• **PROMPT**:
Down to the last line, retype the records below exactly and skip the pictures.

• **DATA SUPPLIED**:
—————
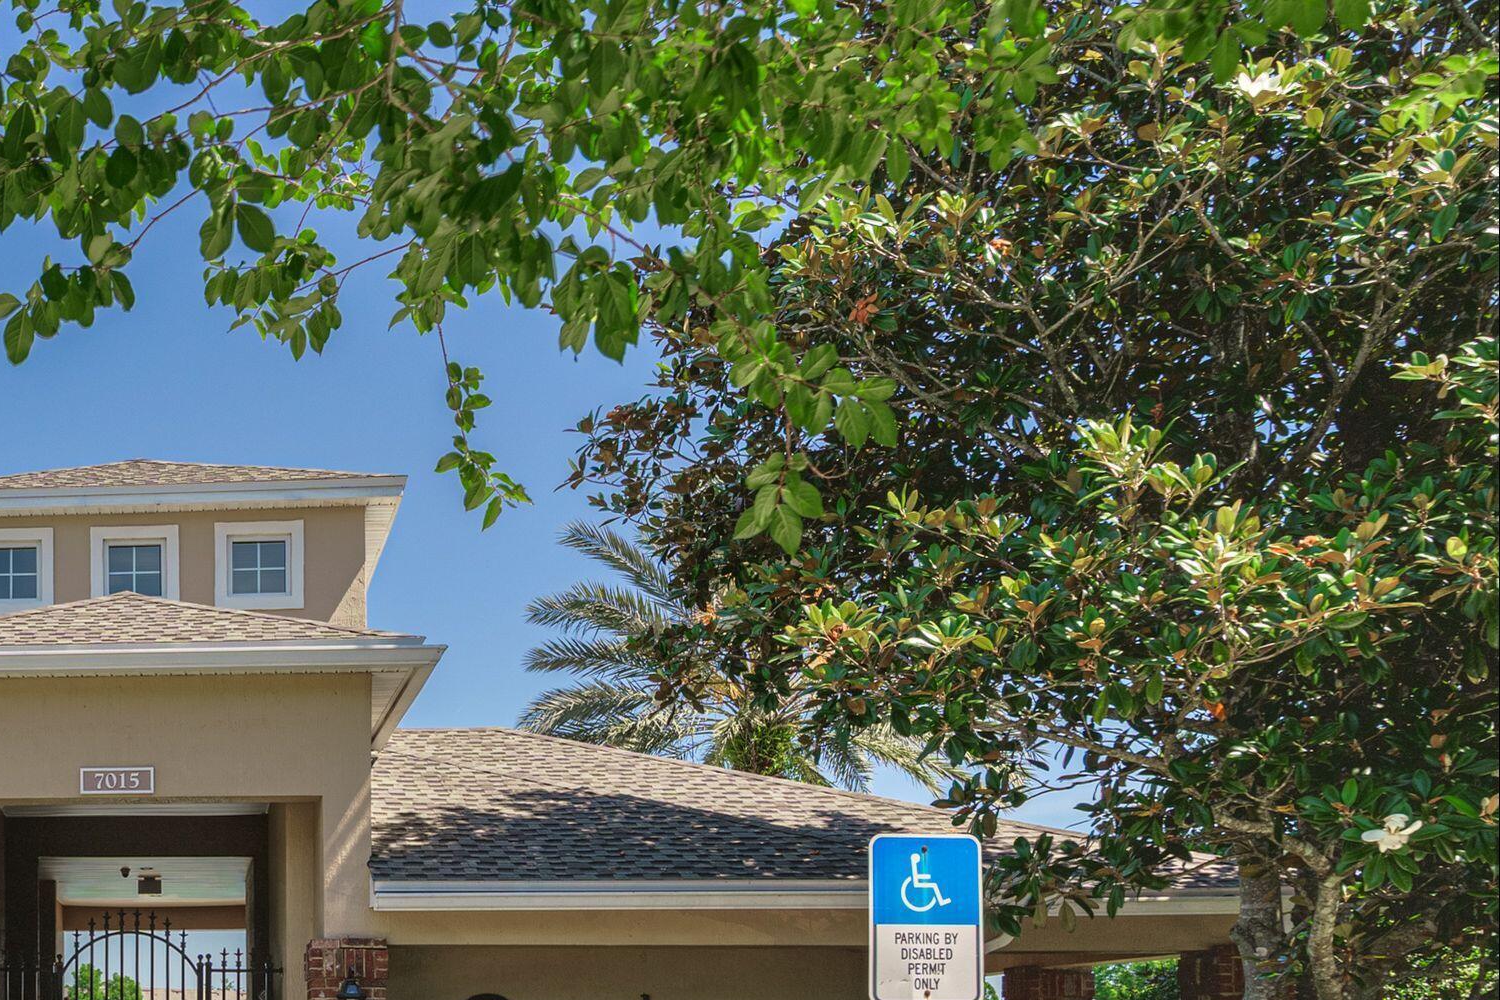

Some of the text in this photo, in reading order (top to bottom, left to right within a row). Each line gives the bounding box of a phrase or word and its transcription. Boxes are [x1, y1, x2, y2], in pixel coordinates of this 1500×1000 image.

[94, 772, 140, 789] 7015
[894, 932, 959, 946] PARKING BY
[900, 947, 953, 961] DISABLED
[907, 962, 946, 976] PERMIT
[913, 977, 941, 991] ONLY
—————
• **REPLY TO THE TASK**:
Some of the text in this photo, in reading order (top to bottom, left to right within a row). Each line gives the bounding box of a phrase or word and its transcription. Boxes are [x1, y1, x2, y2], in pixel coordinates of this 1500×1000 image.

[94, 772, 140, 789] 7015
[894, 932, 959, 946] PARKING BY
[900, 947, 953, 961] DISABLED
[907, 962, 946, 976] PERMIT
[913, 977, 941, 991] ONLY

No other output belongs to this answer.